## DATA FOR ANALYSIS:
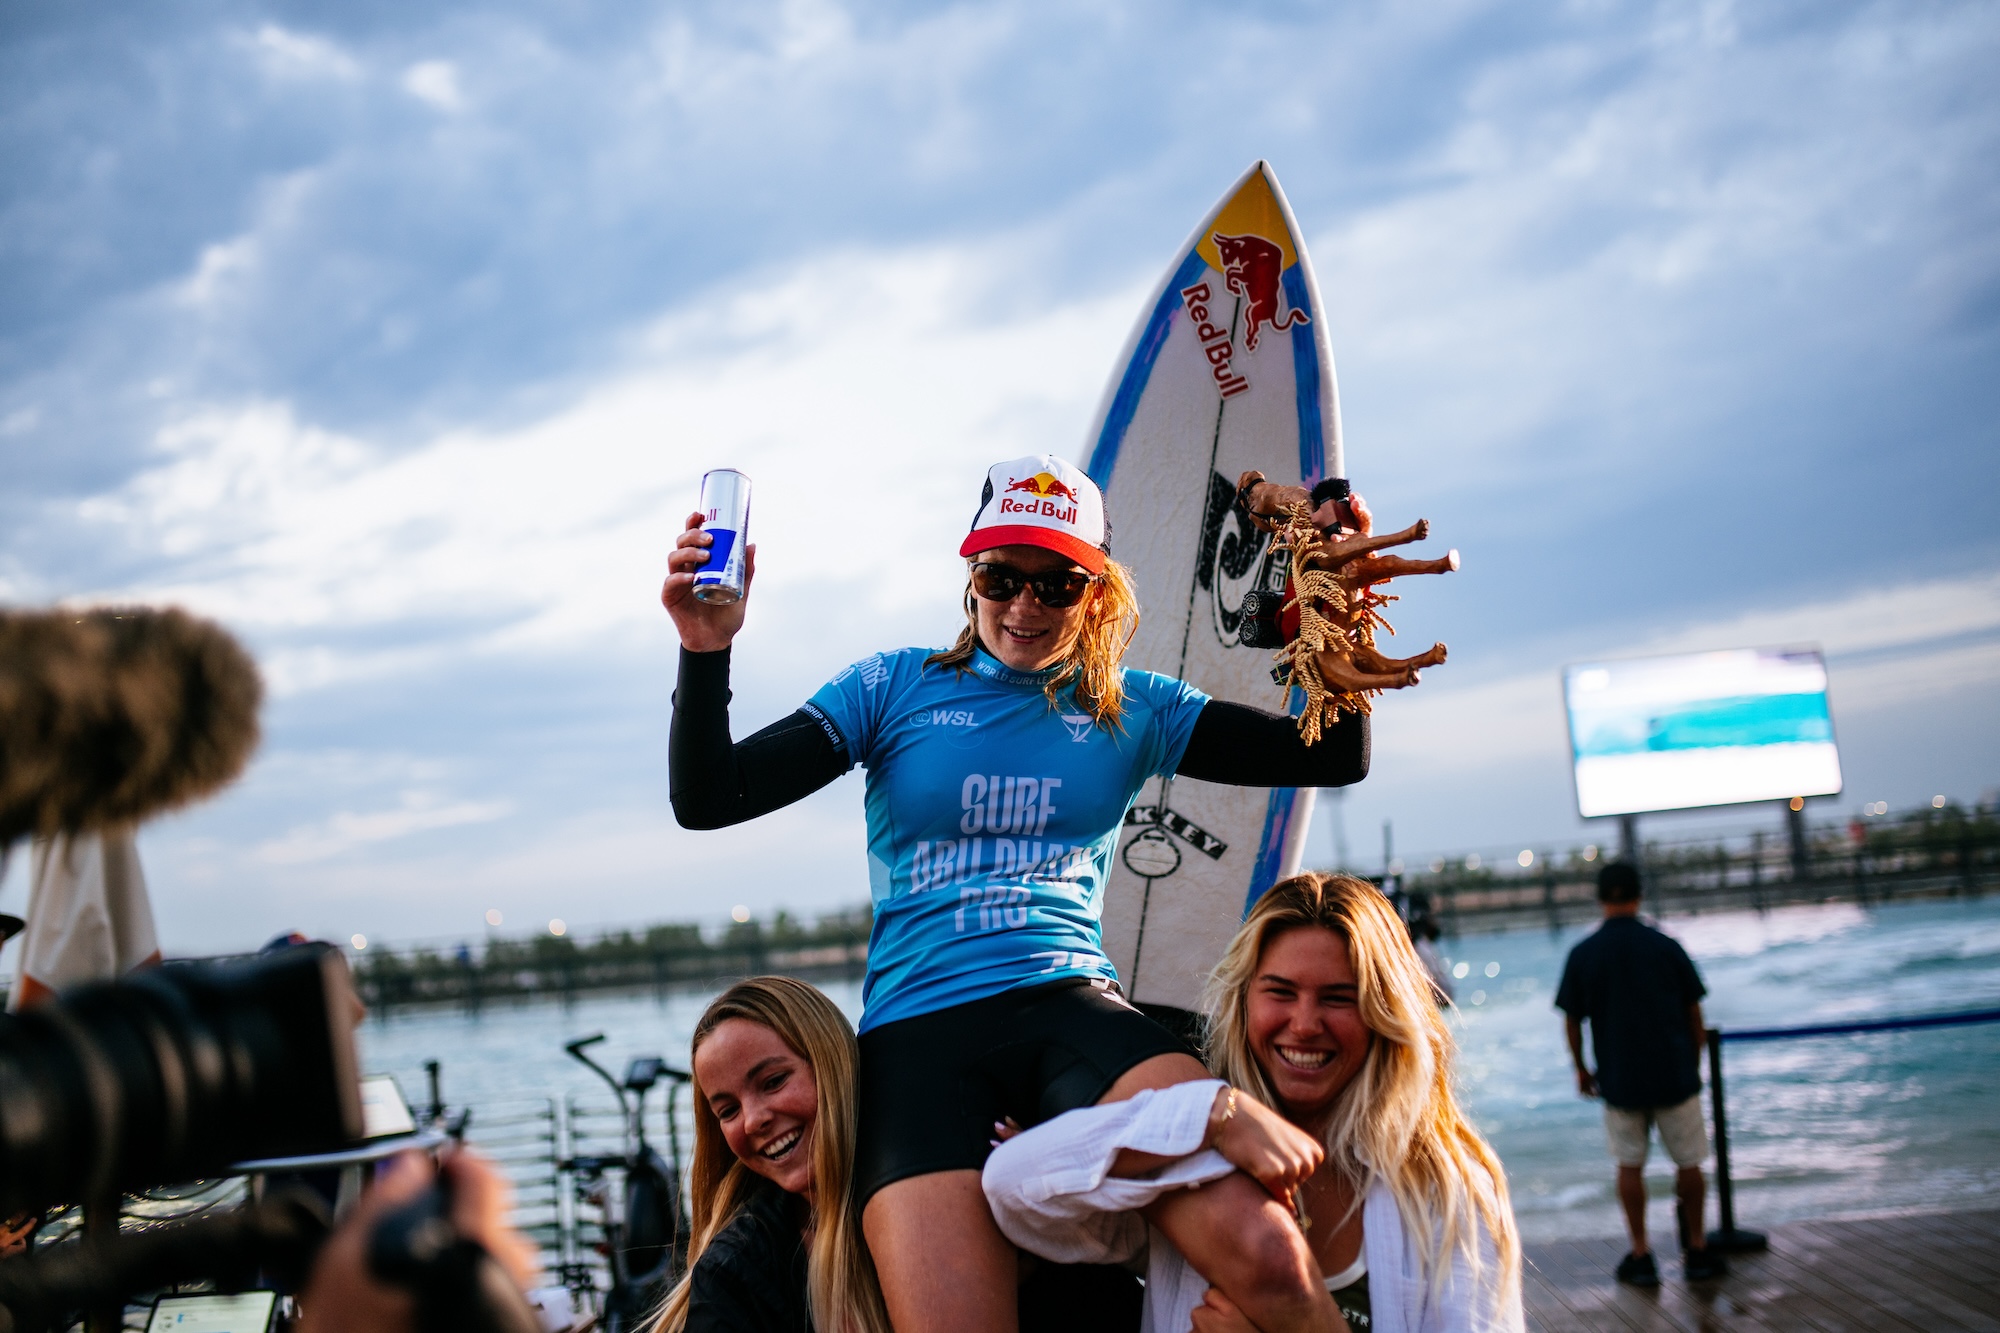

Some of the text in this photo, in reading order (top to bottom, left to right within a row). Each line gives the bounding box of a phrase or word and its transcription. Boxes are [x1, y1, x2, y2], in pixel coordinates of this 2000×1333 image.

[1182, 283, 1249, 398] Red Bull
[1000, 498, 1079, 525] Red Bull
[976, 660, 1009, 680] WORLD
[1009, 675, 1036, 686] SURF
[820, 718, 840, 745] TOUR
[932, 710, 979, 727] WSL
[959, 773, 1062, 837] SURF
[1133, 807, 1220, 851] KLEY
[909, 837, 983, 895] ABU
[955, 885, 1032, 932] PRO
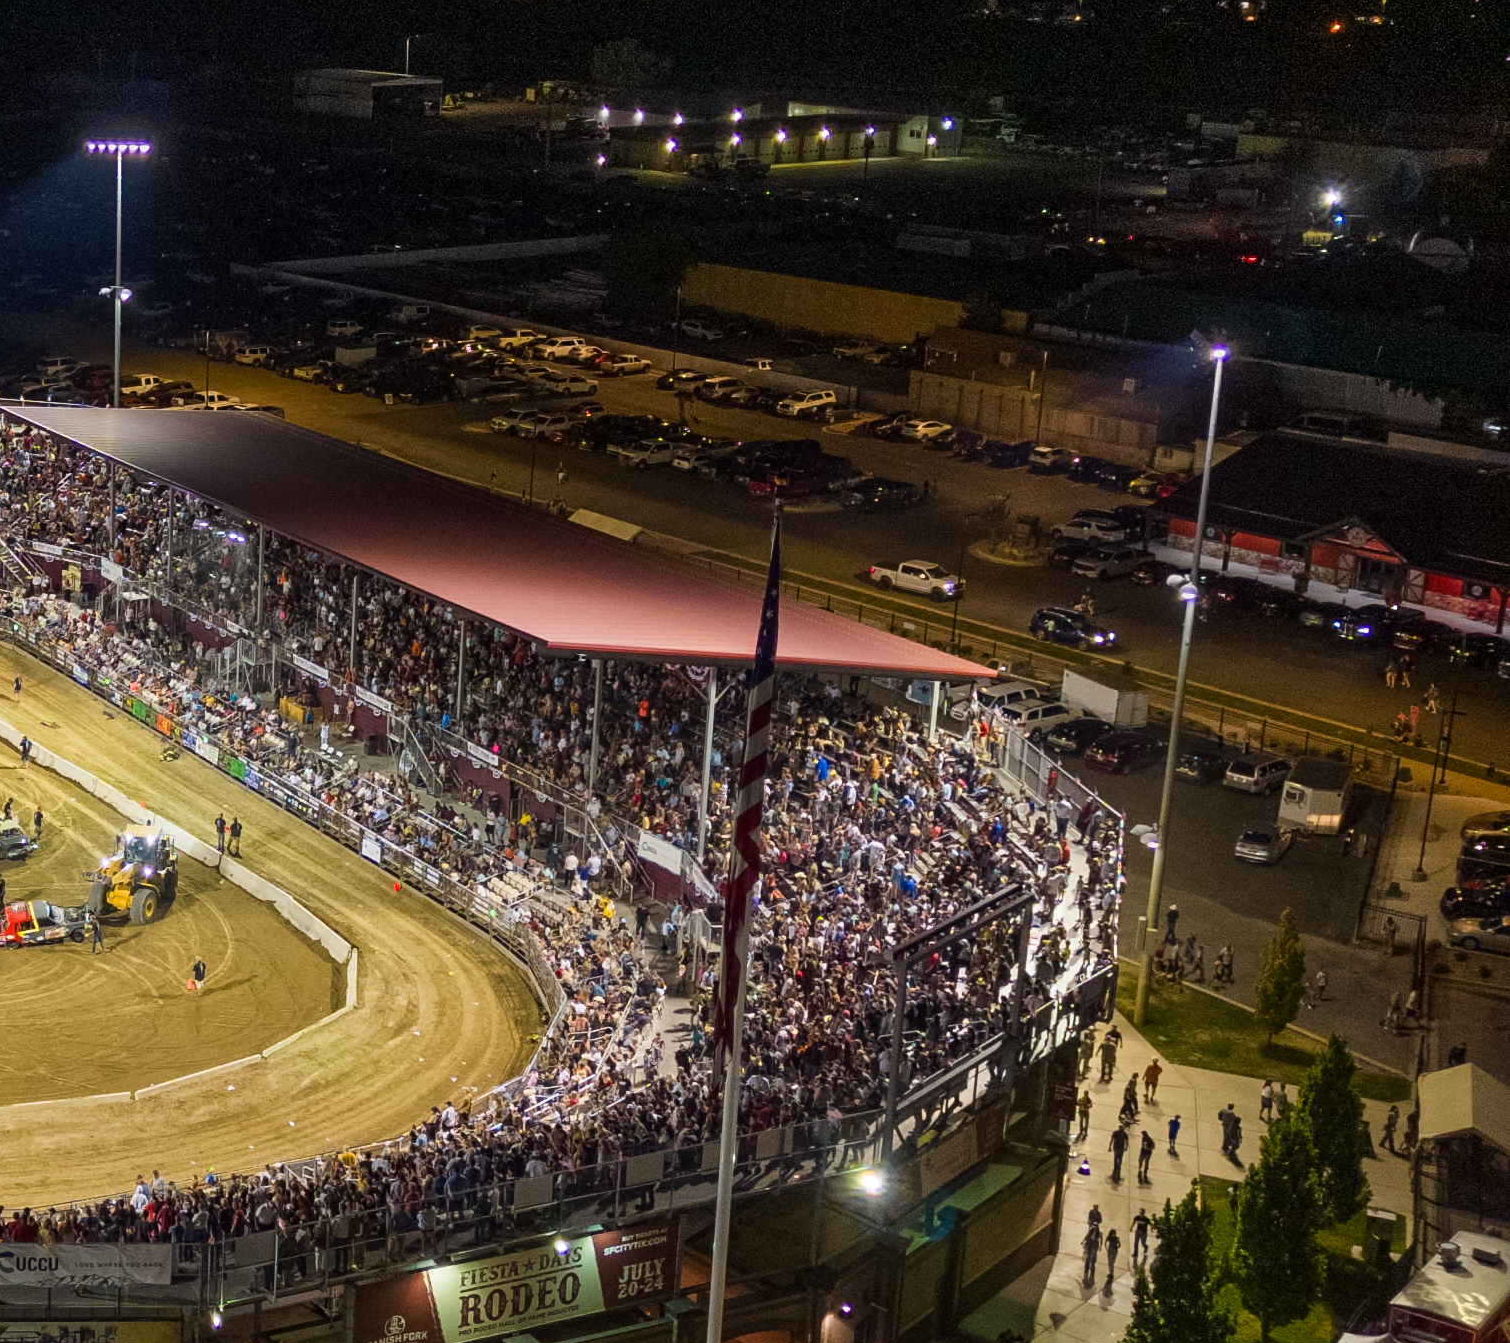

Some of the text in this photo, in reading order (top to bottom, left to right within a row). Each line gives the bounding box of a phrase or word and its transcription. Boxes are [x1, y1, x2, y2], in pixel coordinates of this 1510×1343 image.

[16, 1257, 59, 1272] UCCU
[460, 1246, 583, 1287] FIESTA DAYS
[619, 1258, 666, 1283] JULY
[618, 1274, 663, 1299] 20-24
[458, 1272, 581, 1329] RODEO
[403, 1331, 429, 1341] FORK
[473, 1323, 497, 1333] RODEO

## EXERCISE AIM:
Could you give again exactly the lines from the line containing "this 1510×1343 image." through the final line of the data above, and no others?

## RESPONSE TO THIS TASK:
Some of the text in this photo, in reading order (top to bottom, left to right within a row). Each line gives the bounding box of a phrase or word and its transcription. Boxes are [x1, y1, x2, y2], in pixel coordinates of this 1510×1343 image.

[16, 1257, 59, 1272] UCCU
[460, 1246, 583, 1287] FIESTA DAYS
[619, 1258, 666, 1283] JULY
[618, 1274, 663, 1299] 20-24
[458, 1272, 581, 1329] RODEO
[403, 1331, 429, 1341] FORK
[473, 1323, 497, 1333] RODEO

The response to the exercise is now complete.